◆ EXERCISE GOAL
Omit the pictures and return every entry exactly as written.

◆ RECORDS FOR PROCESSING
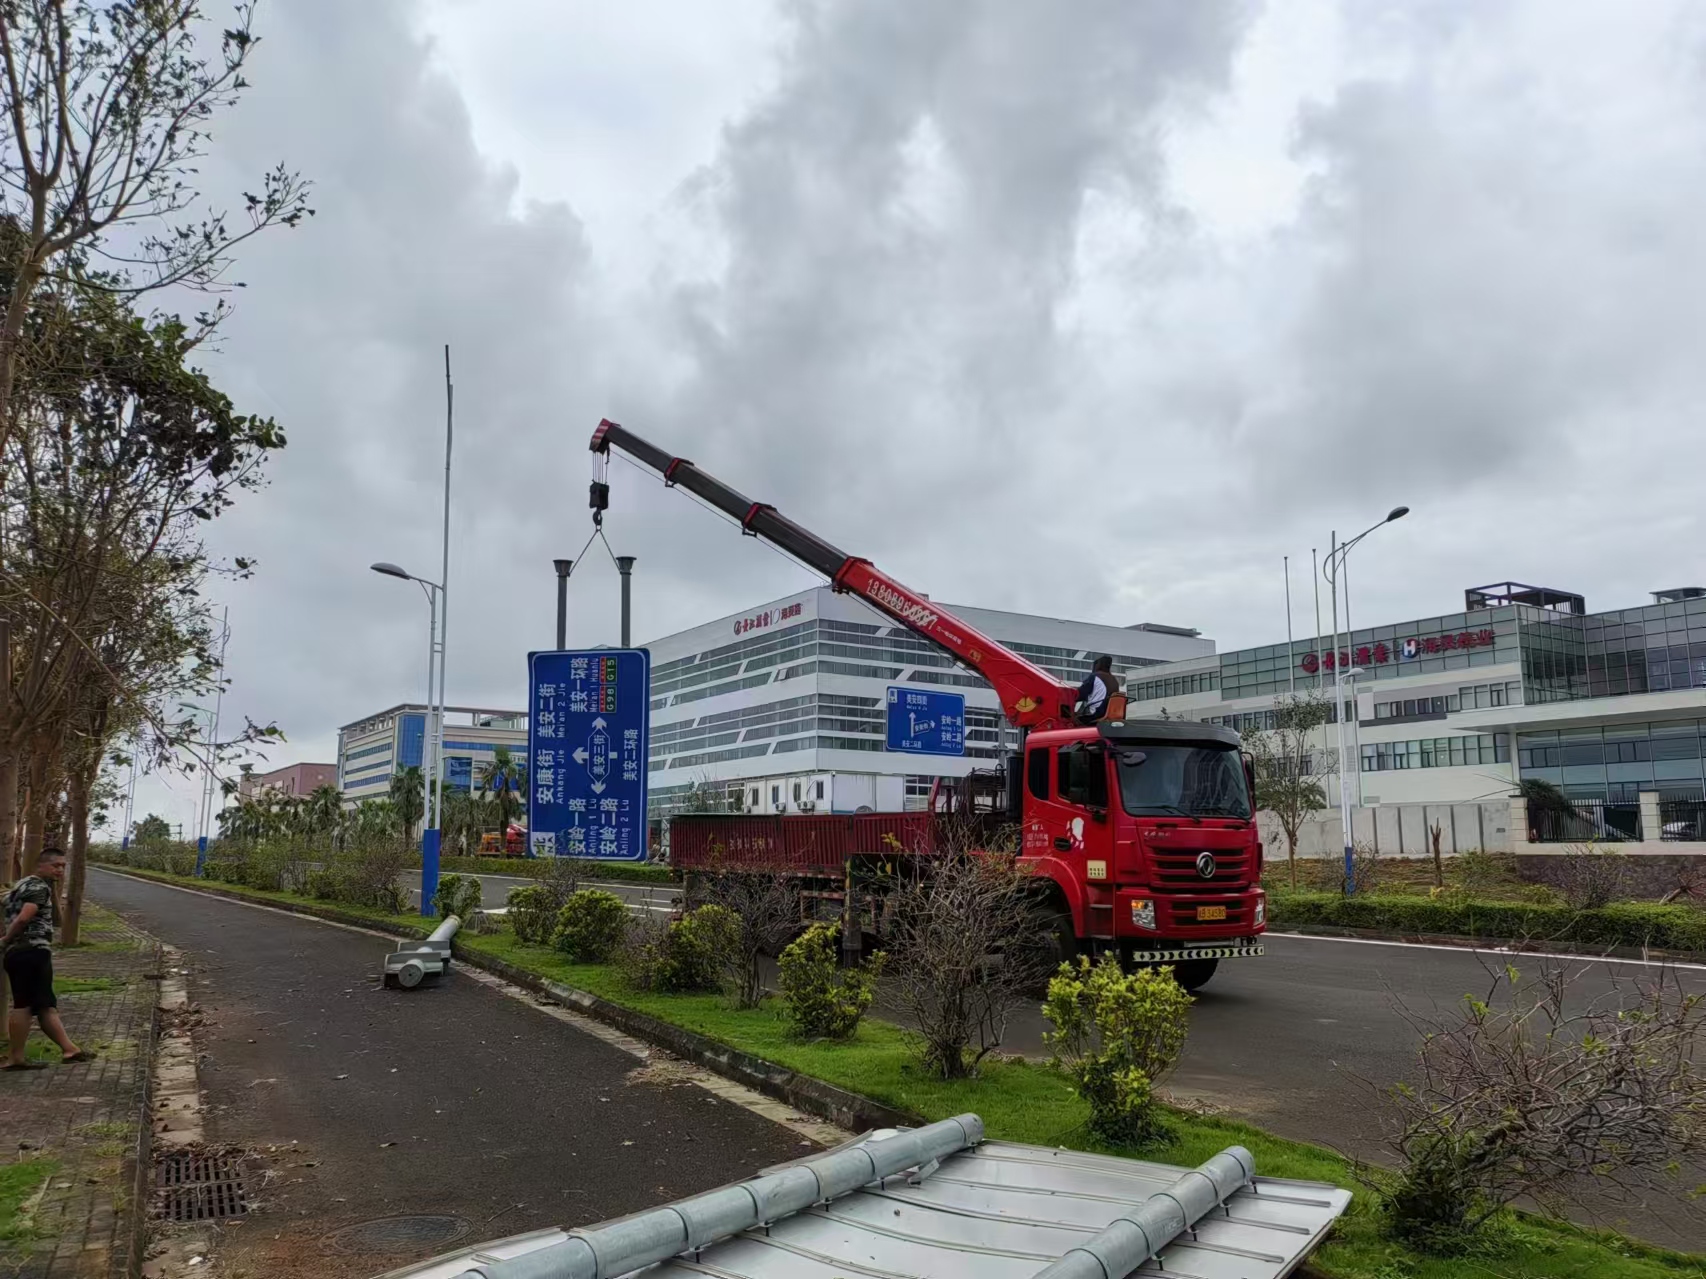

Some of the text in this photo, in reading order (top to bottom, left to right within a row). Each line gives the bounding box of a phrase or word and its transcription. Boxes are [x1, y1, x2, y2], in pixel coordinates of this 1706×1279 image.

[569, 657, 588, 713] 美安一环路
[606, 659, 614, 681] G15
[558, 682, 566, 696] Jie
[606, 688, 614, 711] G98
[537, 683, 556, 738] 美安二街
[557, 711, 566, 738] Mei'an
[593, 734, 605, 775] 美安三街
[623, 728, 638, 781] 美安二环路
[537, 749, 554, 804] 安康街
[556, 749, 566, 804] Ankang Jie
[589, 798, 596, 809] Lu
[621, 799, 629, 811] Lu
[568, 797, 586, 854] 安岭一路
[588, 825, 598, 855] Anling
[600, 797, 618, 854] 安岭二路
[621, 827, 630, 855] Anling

◆ EXERCISE RESULT
Some of the text in this photo, in reading order (top to bottom, left to right within a row). Each line gives the bounding box of a phrase or word and its transcription. Boxes are [x1, y1, x2, y2], in pixel coordinates of this 1706×1279 image.

[569, 657, 588, 713] 美安一环路
[606, 659, 614, 681] G15
[558, 682, 566, 696] Jie
[606, 688, 614, 711] G98
[537, 683, 556, 738] 美安二街
[557, 711, 566, 738] Mei'an
[593, 734, 605, 775] 美安三街
[623, 728, 638, 781] 美安二环路
[537, 749, 554, 804] 安康街
[556, 749, 566, 804] Ankang Jie
[589, 798, 596, 809] Lu
[621, 799, 629, 811] Lu
[568, 797, 586, 854] 安岭一路
[588, 825, 598, 855] Anling
[600, 797, 618, 854] 安岭二路
[621, 827, 630, 855] Anling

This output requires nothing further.